Speaker Bio: Gilad Shainer serves as senior vice-president of networking at NVIDIA. Mr. Shainer serves as the chairman of the HPC-AI Advisory Council organization, the president of UCF and CCIX consortiums, a member of IBTA and a contributor to the PCISIG PCI-X and PCIe specifications. Mr. Shainer holds multiple patents in the field of high-speed networking. He is a recipient of 2015 R&D100 award for his contribution to the CORE-Direct In-Network Computing technology and the 2019 R&D100 award for his contribution to the Unified Communication X (UCX) technology. Gilad Shainer holds a MSc degree and a BSc degree in Electrical Engineering from the Technion Institute of Technology in Israel.

10:30 - 11:00 AM

PDFYouTube

Speaker: Rob Sherwood, Intel

Session Chair: Dhabaleswar K (DK) Panda, The Ohio State University

Title: The Network Inside vs. Outside Your Servers

Abstract: Historically, the network outside of servers was designed completely different than the network inside. The network outside dealt with contention, asynchronicity, and as a result was difficult to engineer for predictable performance. By contrast, the memory and I/O systems inside servers historically has had low contention, was highly synchronous, and as a result would typically provide predictable performance. However, with modern workloads (including HPC, AI Training, live video transcoding, etc.), these two design points are converging: we need predictable performance for the network outside our servers and the network inside is growing increasingly contentious and becoming less predictable. This talk will review the causes in this trend and discuss technologies on the horizon that can help, including scale-out SDN-style centralized control and the roll of optical I/O systems.

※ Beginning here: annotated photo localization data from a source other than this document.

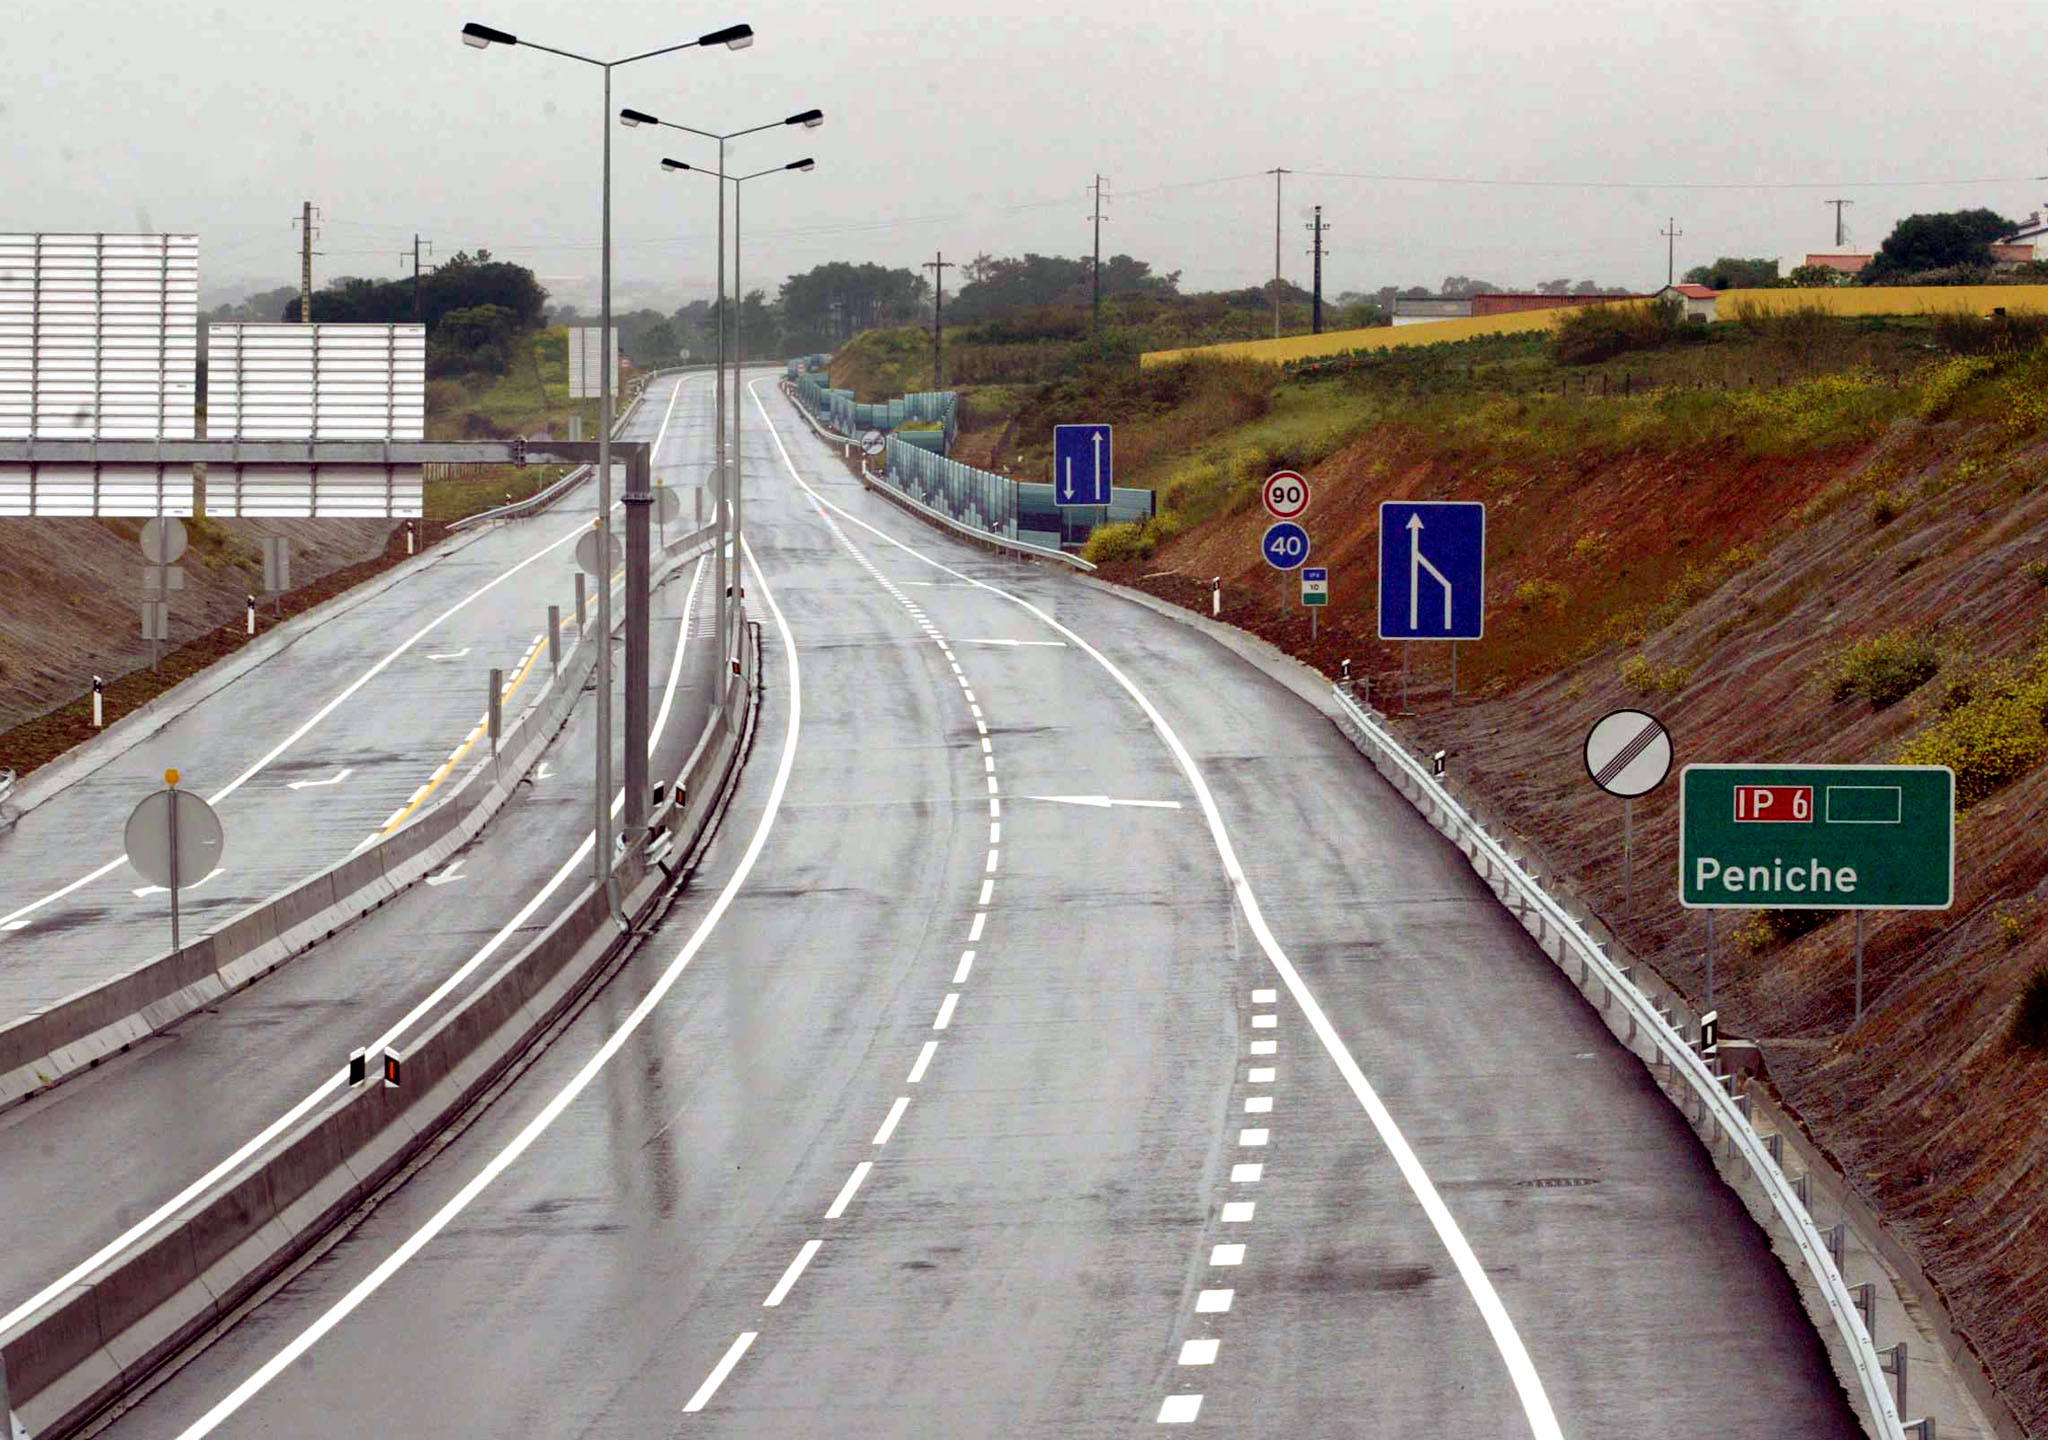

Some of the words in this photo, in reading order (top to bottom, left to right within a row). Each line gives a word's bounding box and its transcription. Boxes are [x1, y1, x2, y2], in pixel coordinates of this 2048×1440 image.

[1272, 486, 1301, 504] 90
[1270, 536, 1301, 556] 40
[1738, 789, 1774, 819] IP
[1792, 789, 1808, 819] 6
[1696, 857, 1858, 892] Peniche
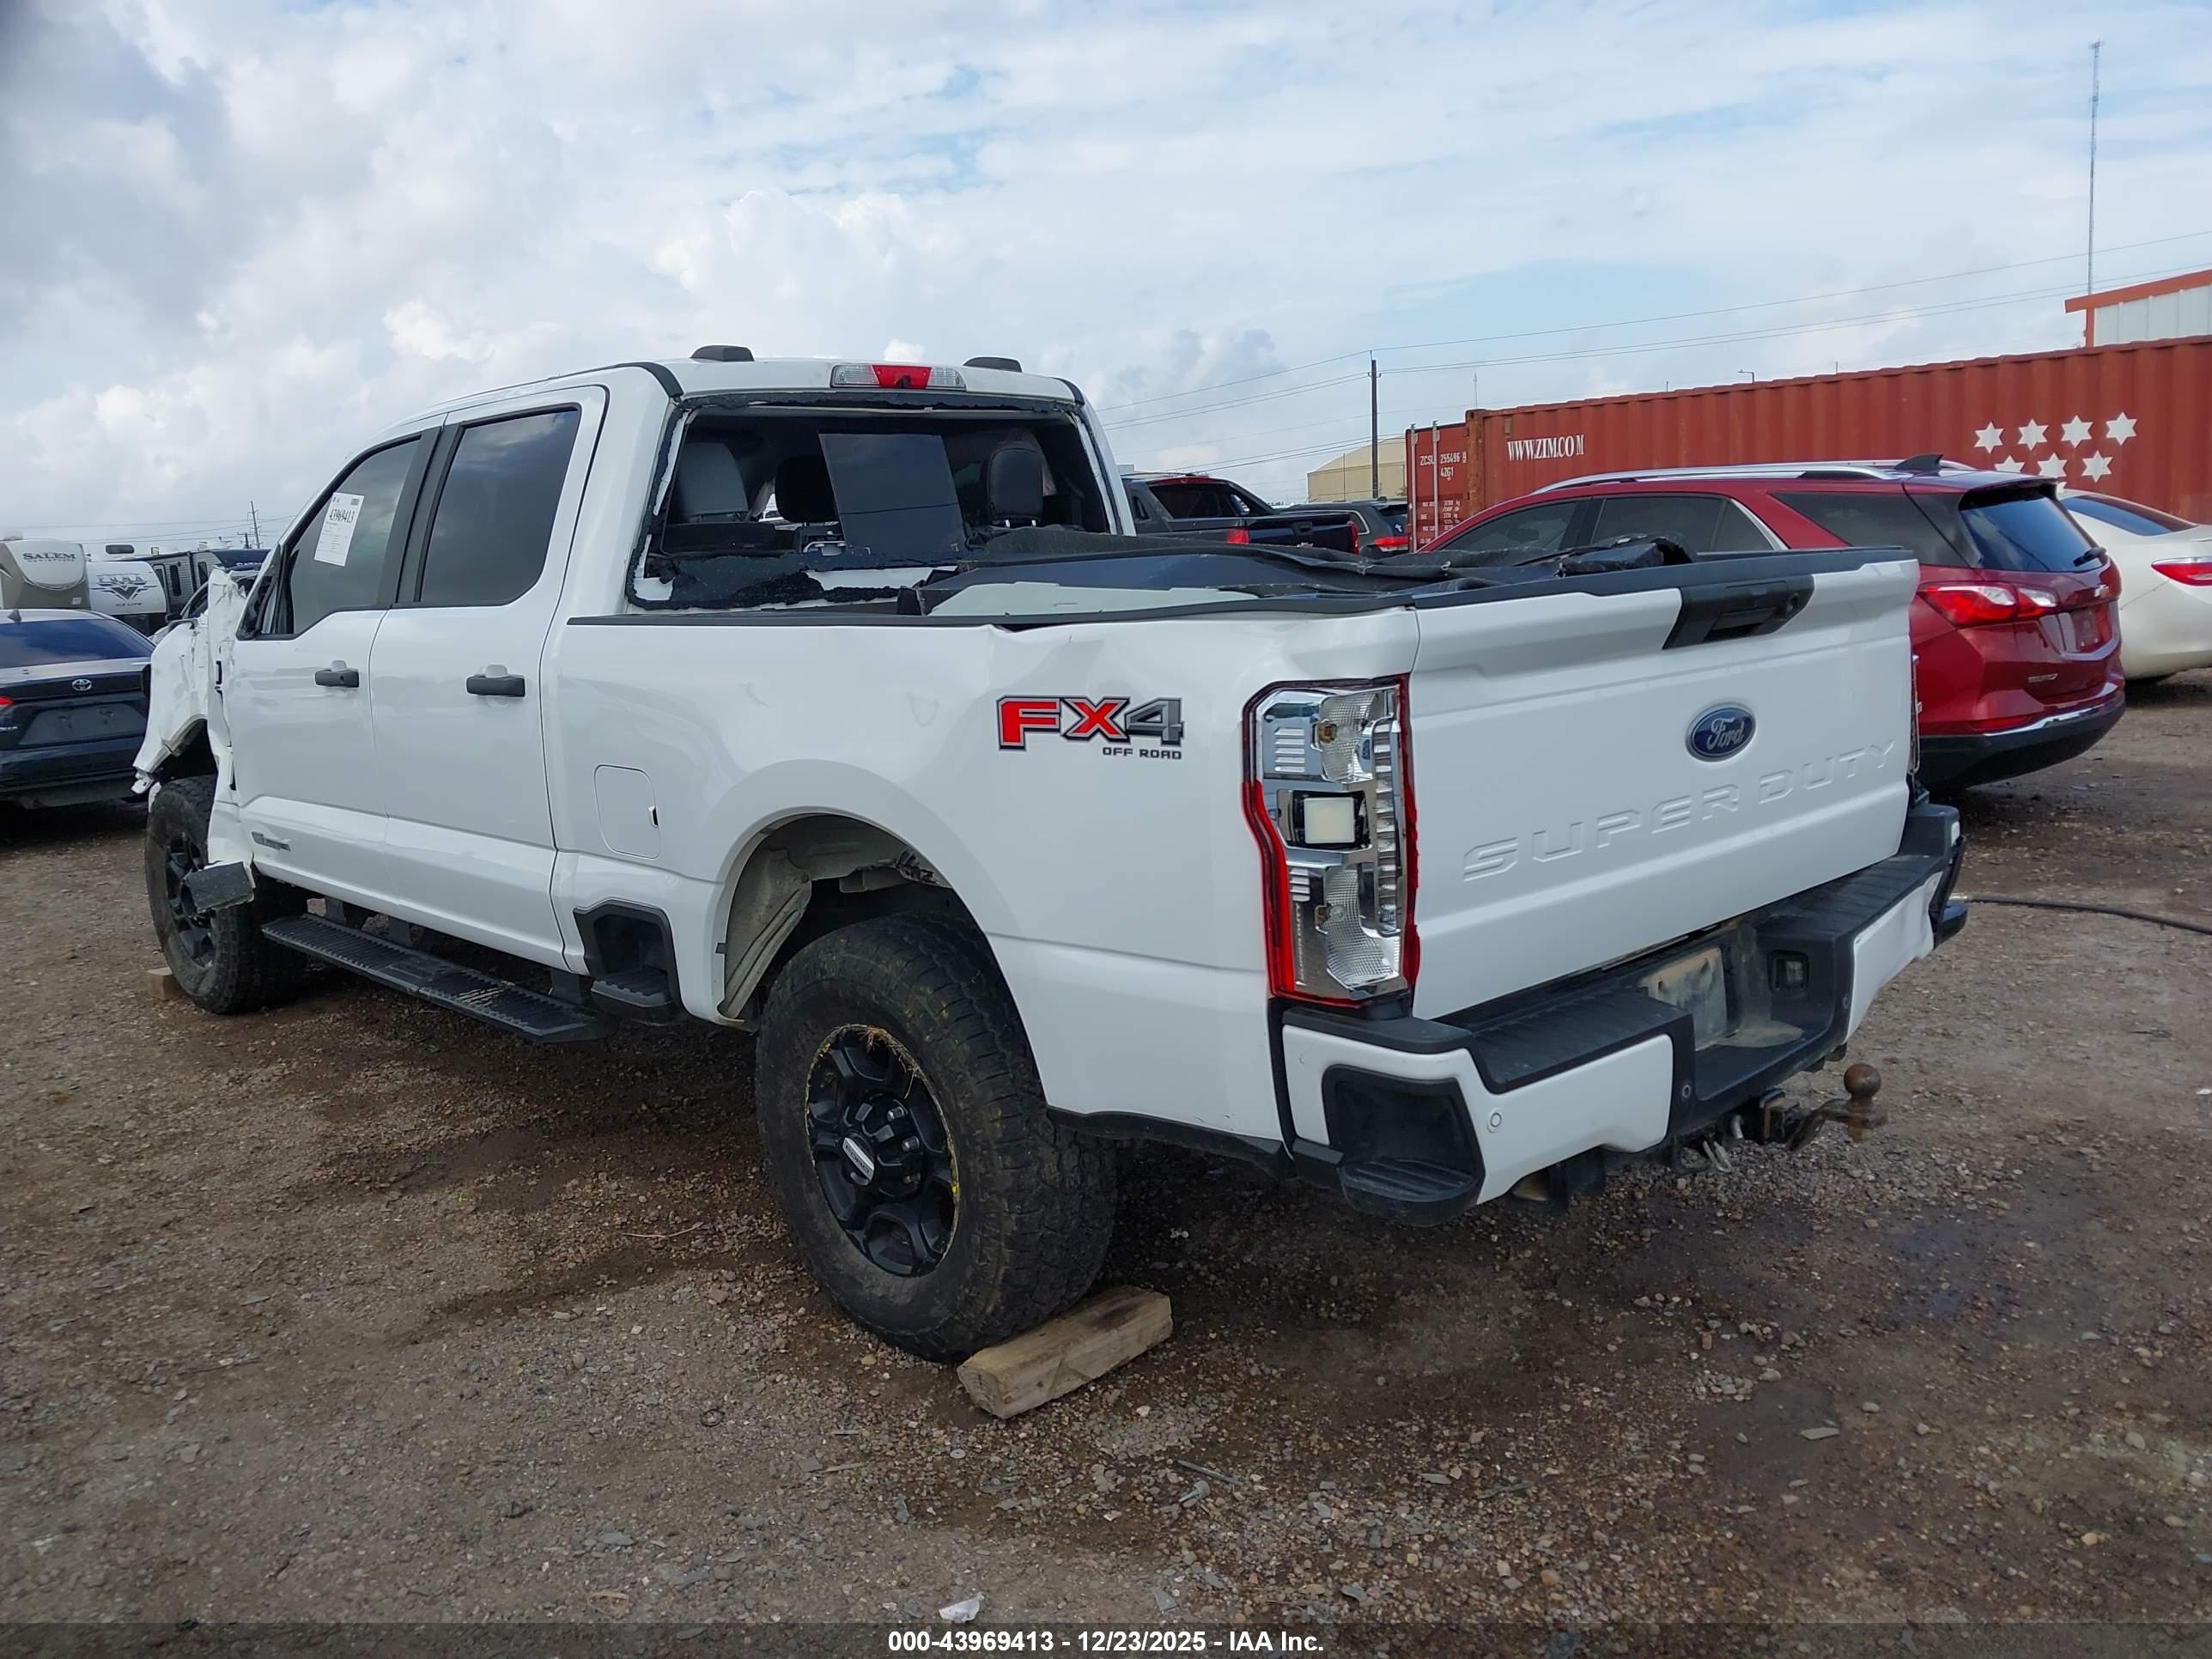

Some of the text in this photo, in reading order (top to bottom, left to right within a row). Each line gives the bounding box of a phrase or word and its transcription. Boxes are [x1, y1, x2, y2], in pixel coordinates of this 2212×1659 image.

[996, 695, 1184, 751] FX4
[1706, 716, 1745, 750] Ford
[1103, 746, 1182, 760] OFF ROAD
[1463, 739, 1895, 883] SUPER DUTY

Speaker Bio: Rob Sherwood recently joined Intel as the CTO of the Connectivity Group (Switch ASICs, NICs, IPUs and Silicon Photonics) and is leading the IPDK open-source project as well next-generation data center pathfinding. He has a background in running large production networks, shipping products, and publishing networking research. Previously, Rob helped lead Facebook's global network reliability efforts and worked on their FBOSS switch operating system. Rob also served as CTO at the networking startup Big Switch Networks (recently acquired by Arista). Rob also worked at Deutsche Telekom and participated in the early days of SDN and OpenFlow via the Stanford Clean State lab. Rob is an alumnus of the University of Maryland, where he received his Ph.D. in Computer Science.

11:00 - 11:30 AM

Morning Coffee Break

11:30 - 12:00 PM

PDFYouTube

Speaker: Yuuichirou Ajima, Fujistu, Japan

Session Chair: Hari Subramoni, The Ohio State University

Title: Tofu Interconnect D of Supercomputer Fugaku and Future Prospects

Abstract: This presentation will describe how Tofu Interconnect D supports the massively parallel architecture of the supercomputer Fugaku. Like its predecessor, the K computer, Fugaku has a massively parallel architecture focused on a parallel programming model. Both K computer and Fugaku nodes are single-socket CPUs that consume about 200W of power, and the role of the interconnect is critical to achieving highly scalable performance. Applications are first optimized on a single-socket CPU and then parallelized using multiple nodes in the next step. Therefore, the injection bandwidth of the interconnect is very important. Fugaku has an injection bandwidth of 6.5 PB/s for an overall system peak performance of 537 PFlops and a memory bandwidth of 163 PB/s. As a comparison, consider a fat-node architecture with accelerators and consuming about 3000W of power. Applications are first optimized on a single-socket CPU and then offloads the processing to the accelerators in the next step. Accelerator connection bandwidth is therefore very important. The importance of accelerator connection bandwidth in fat node architectures is comparable to that of injection bandwidth in massively parallel architectures. For example, the accelerators in Oak Ridge National Laboratory's Summit system have a connection bandwidth of 4.1 PB/s for a peak performance of 207 PFlops and a memory bandwidth of 25 PB/s. The Tofu interconnect is not suitable for access paths to the global file system or login nodes because of its topology that focuses on tightly coupling nearest neighbor compute nodes. Therefore, Fugaku also includes InfiniBand EDR at a ratio of one per 192 nodes. With a total of 828 InfiniBand EDR ports, Fugaku is connected to the global file system and login nodes via 36 36-port switches and two 324-port director switches. This presentation will also include a discussion of future systems and interconnects in Japan's NGACI community activities. The next generation is envisioned to leap beyond the K computer and Fugaku architecture, which will inevitably require new challenges in interconnect as well.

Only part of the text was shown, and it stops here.